How Long After an Appendectomy Before I Can Exercise?

Appendectomy is a common procedure performed when your appendix has become infected and painful. Following the surgery, is it crucial that you rest and refrain from physical activity for a period of time to allow your body to heal. This usually takes about two weeks, although you should consult with your doctor before resuming exercise to ensure you do not put yourself at risk for complications.


An appendectomy is a surgical procedure in which your appendix is removed from your body. The appendix is a small pouch attached to your large intestine. According to the National Digestive Diseases Information Clearinghouse (NDDIC), scientists are unsure of the function of the appendix, but removing it does not appear to affect a person’s health. An appendectomy is usually done to treat appendicitis, which is a painful swelling and infection of the appendix. During the procedure, a small incision is made in your abdomen, the appendix is detached from surrounding tissue and removed, and the incision is closed. The operation usually takes between one and two hours.

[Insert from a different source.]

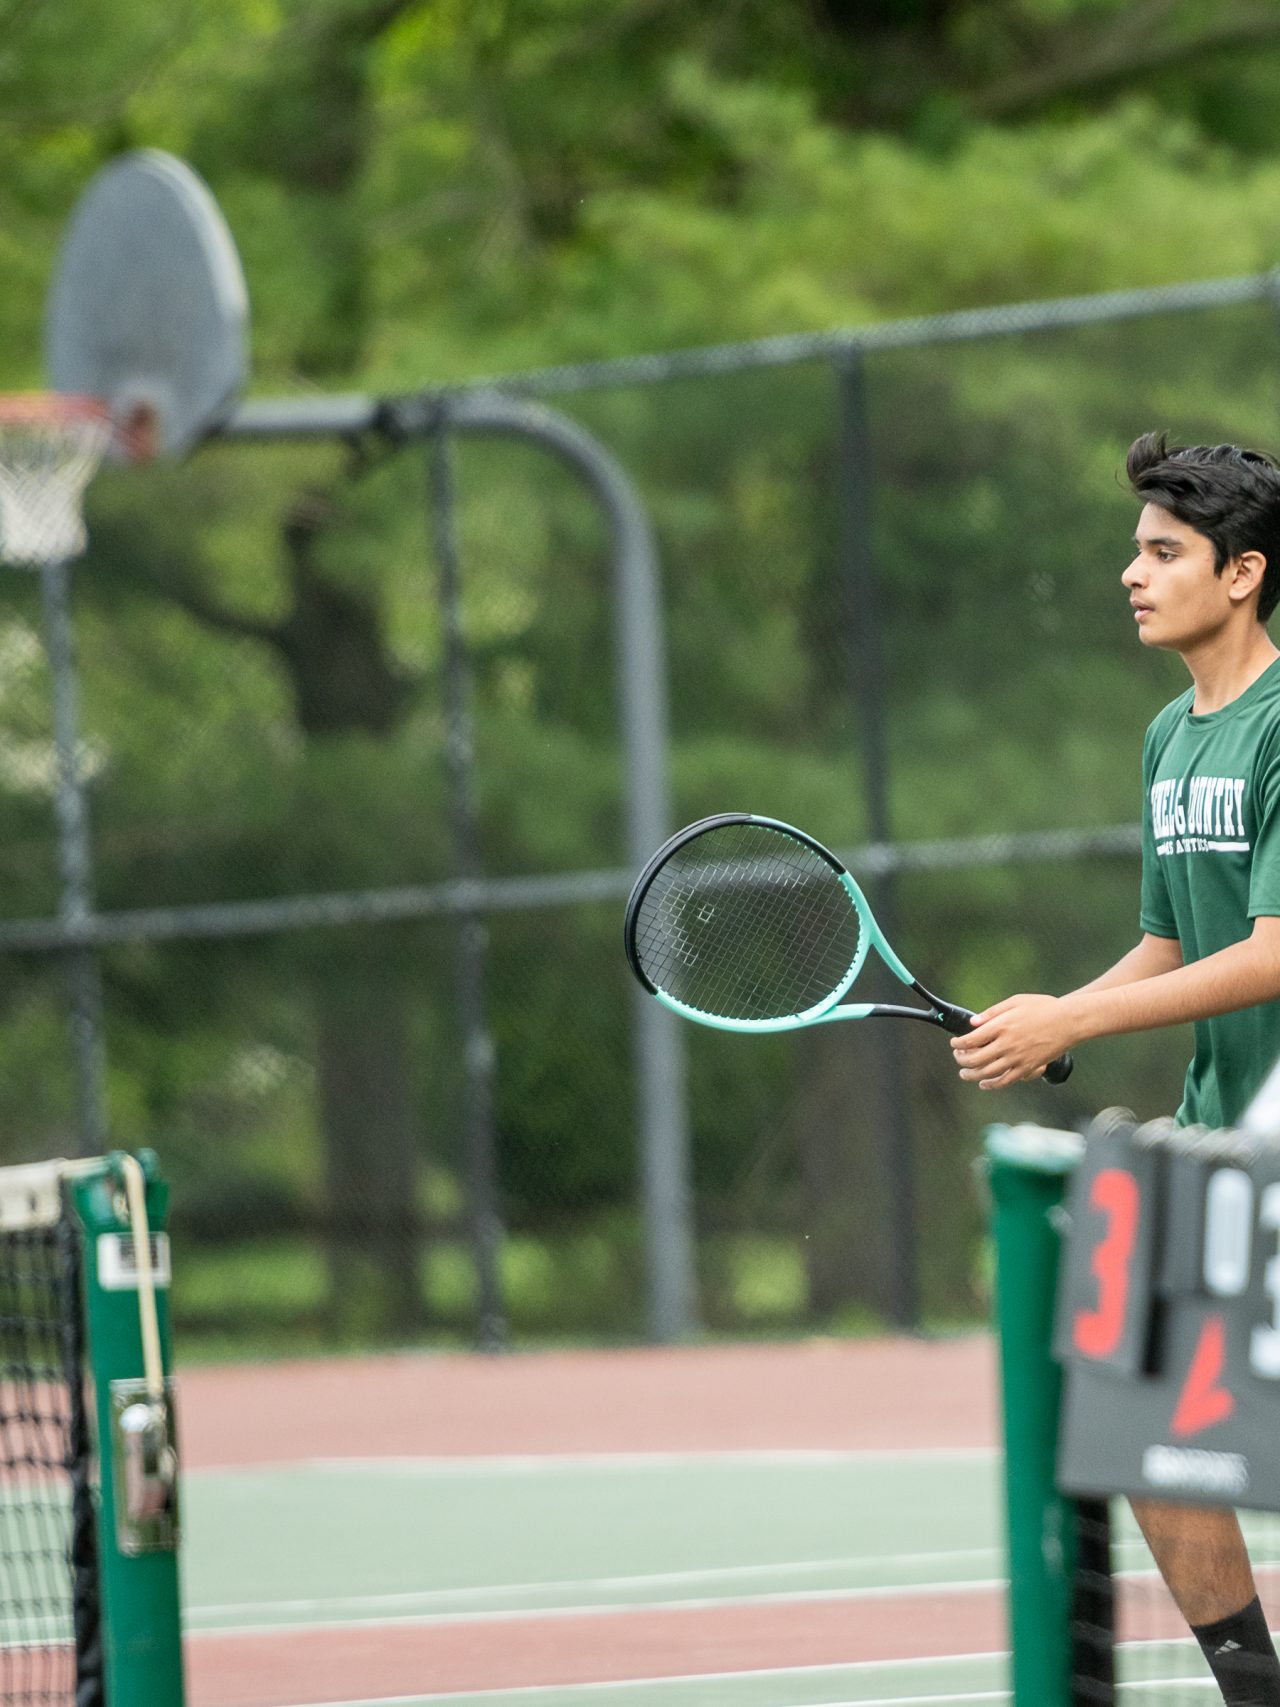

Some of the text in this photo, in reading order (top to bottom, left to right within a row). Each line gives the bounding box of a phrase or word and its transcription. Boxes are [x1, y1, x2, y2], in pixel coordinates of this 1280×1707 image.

You should rest and not participate in any strenuous activity for at least one or two weeks following an appendectomy. During this time, you should not exercise or do any heavy lifting. Consult with your doctor before beginning exercise as he may prescribe more recovery time. Remember that resting allows the tissue to heal and starting too early can jeopardize your health. When you do begin exercising, make sure to start slowly and gradually increase the intensity.

Children usually require more time before resuming exercise. According to the Children’s Hospital of Pittsburgh, participation in contact sports and gym class is prohibited until the child attends a follow-up appointment with the surgeon. This usually occurs about two to three weeks post-op.


Appendectomy is an effective treatment for appendicitism and most patients resume their normal lives without any symptoms. You can resume your normal diet as soon as possible. You may be prescribed antibiotics to fight infection. Take all you medicine even if you begin to feel better early. Full recovery usually takes about four to six weeks.


Infections can occur on the incision, so be sure to keep the area clean and dry. Change the dressing over the incision as directed and wash your hands beforehand. Ask your doctor about when it is safe to shower, bathe or soak in water. Call your doctor immediately if you experience any complications. These can include fever and chills, swelling, increasing pain and excessive bleeding at the incision site, cough, shortness of breath, chest pain and increased abdominal pain.